:: DATASET
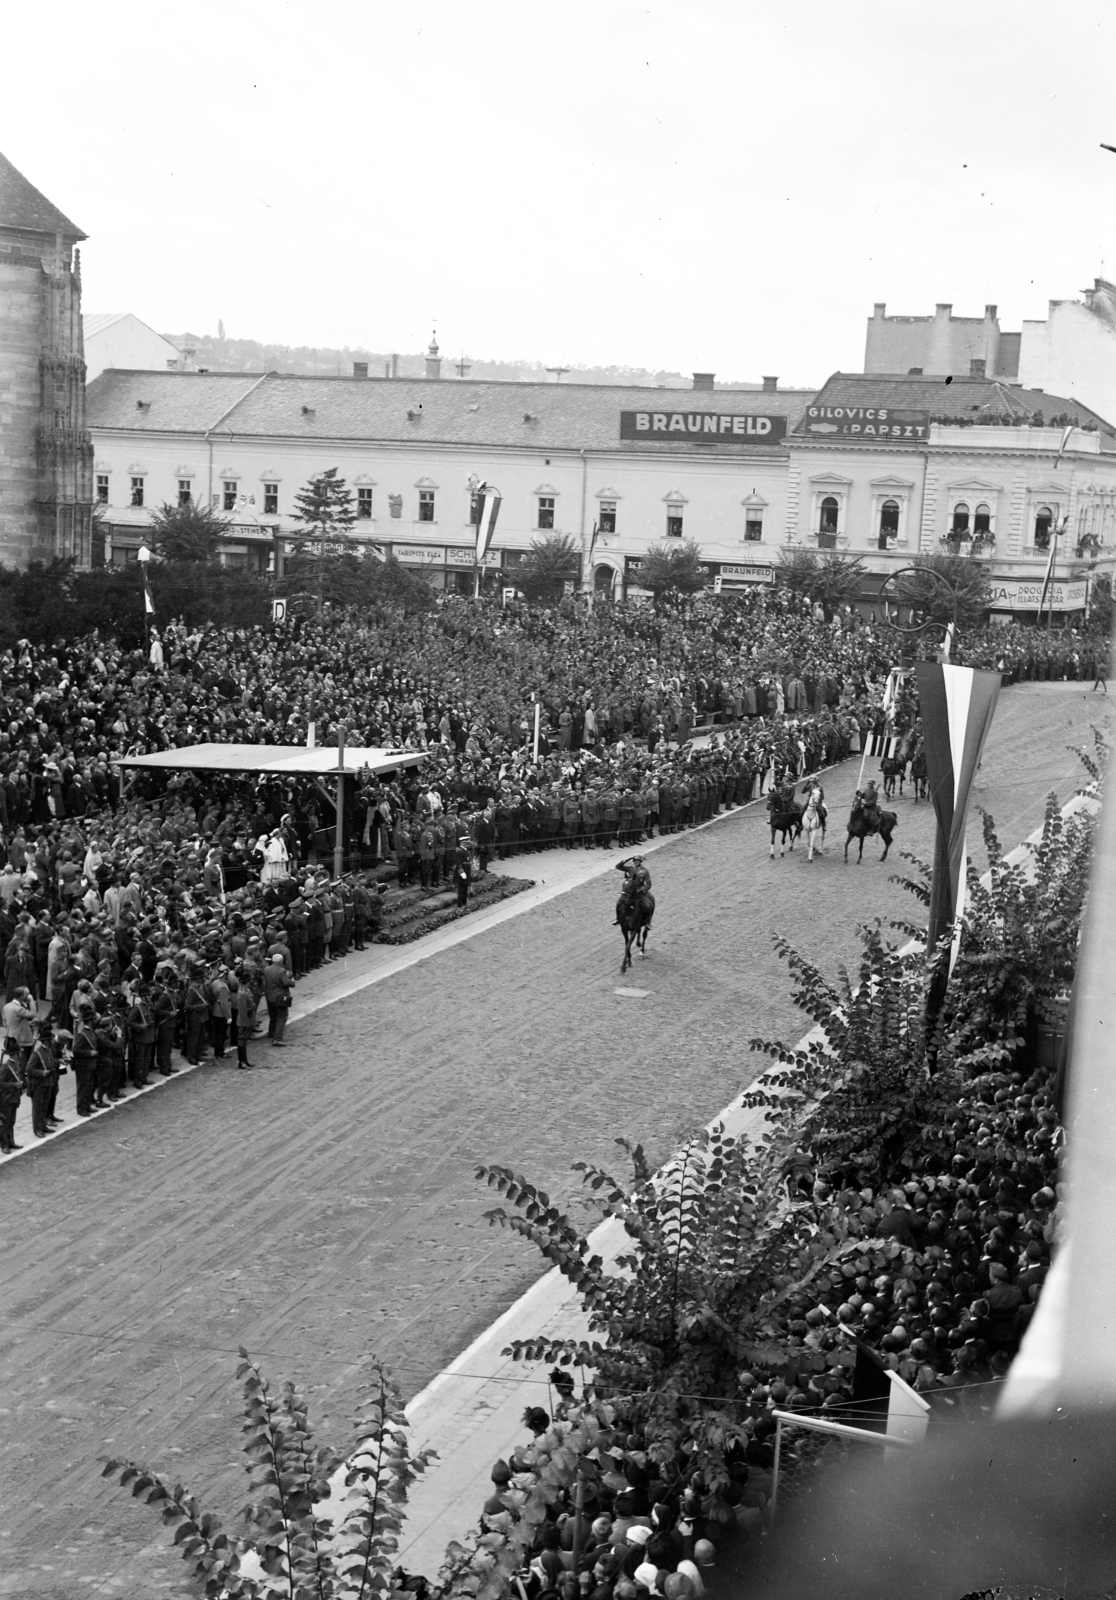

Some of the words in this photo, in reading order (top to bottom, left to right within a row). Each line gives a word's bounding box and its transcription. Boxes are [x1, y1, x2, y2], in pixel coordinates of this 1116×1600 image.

[808, 407, 888, 420] GILOVICS
[636, 413, 772, 435] BRAUNFELD
[851, 424, 926, 437] PAPSZT
[722, 566, 771, 576] BRAUNFELD
[1018, 586, 1063, 595] DROGRIA
[275, 602, 285, 620] D
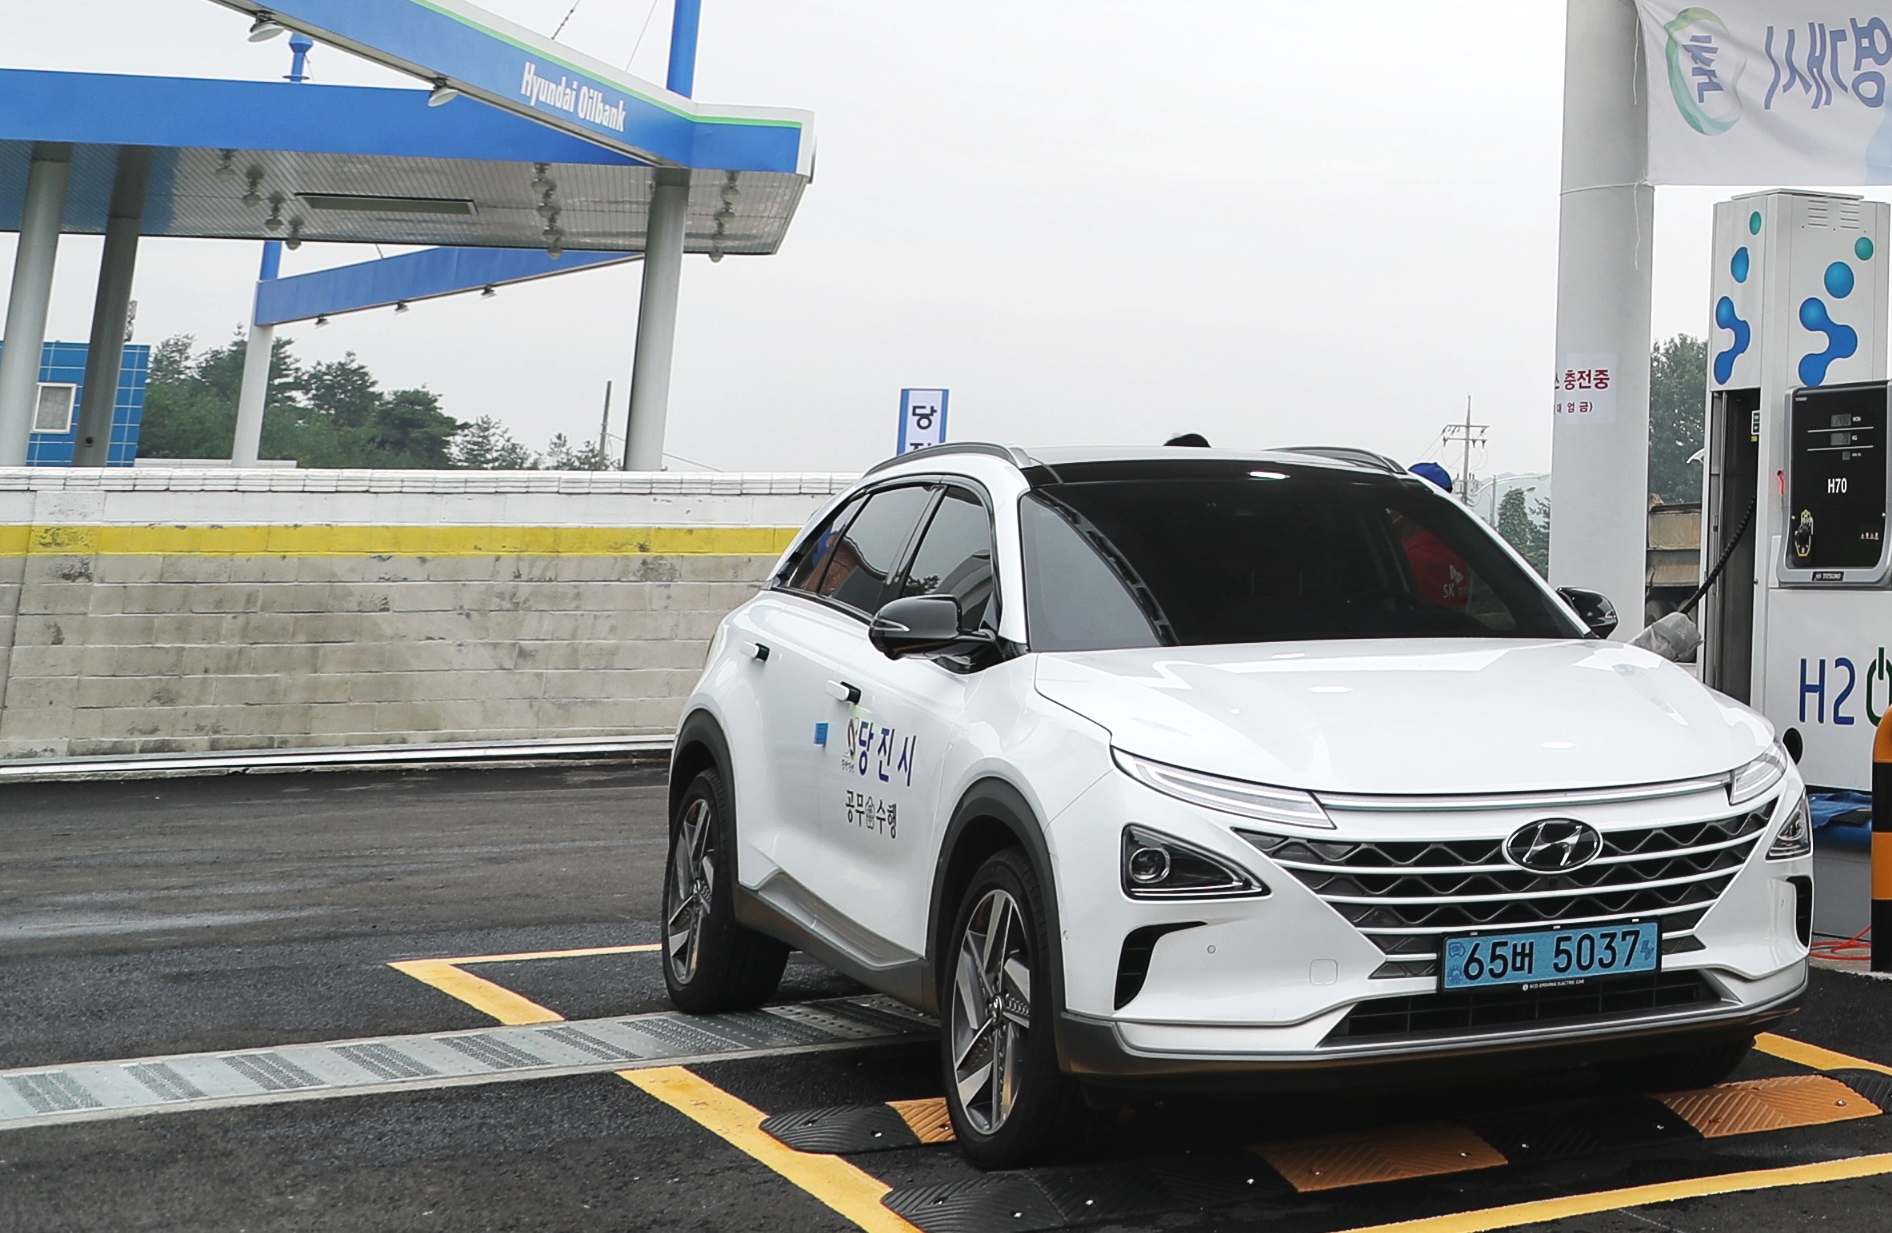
::::
#### WHAT TO WORK ON
Reproduce the data word for word without its images.

#### SOLUTION FOR THIS EXERCISE
Some of the words in this photo, in reading order (top to bottom, left to right within a row). Each line gives a word's bounding box and its transcription. Boxes are [x1, y1, x2, y2], in pixel coordinates of this 1116×1600 image.

[808, 407, 888, 420] GILOVICS
[636, 413, 772, 435] BRAUNFELD
[851, 424, 926, 437] PAPSZT
[722, 566, 771, 576] BRAUNFELD
[1018, 586, 1063, 595] DROGRIA
[275, 602, 285, 620] D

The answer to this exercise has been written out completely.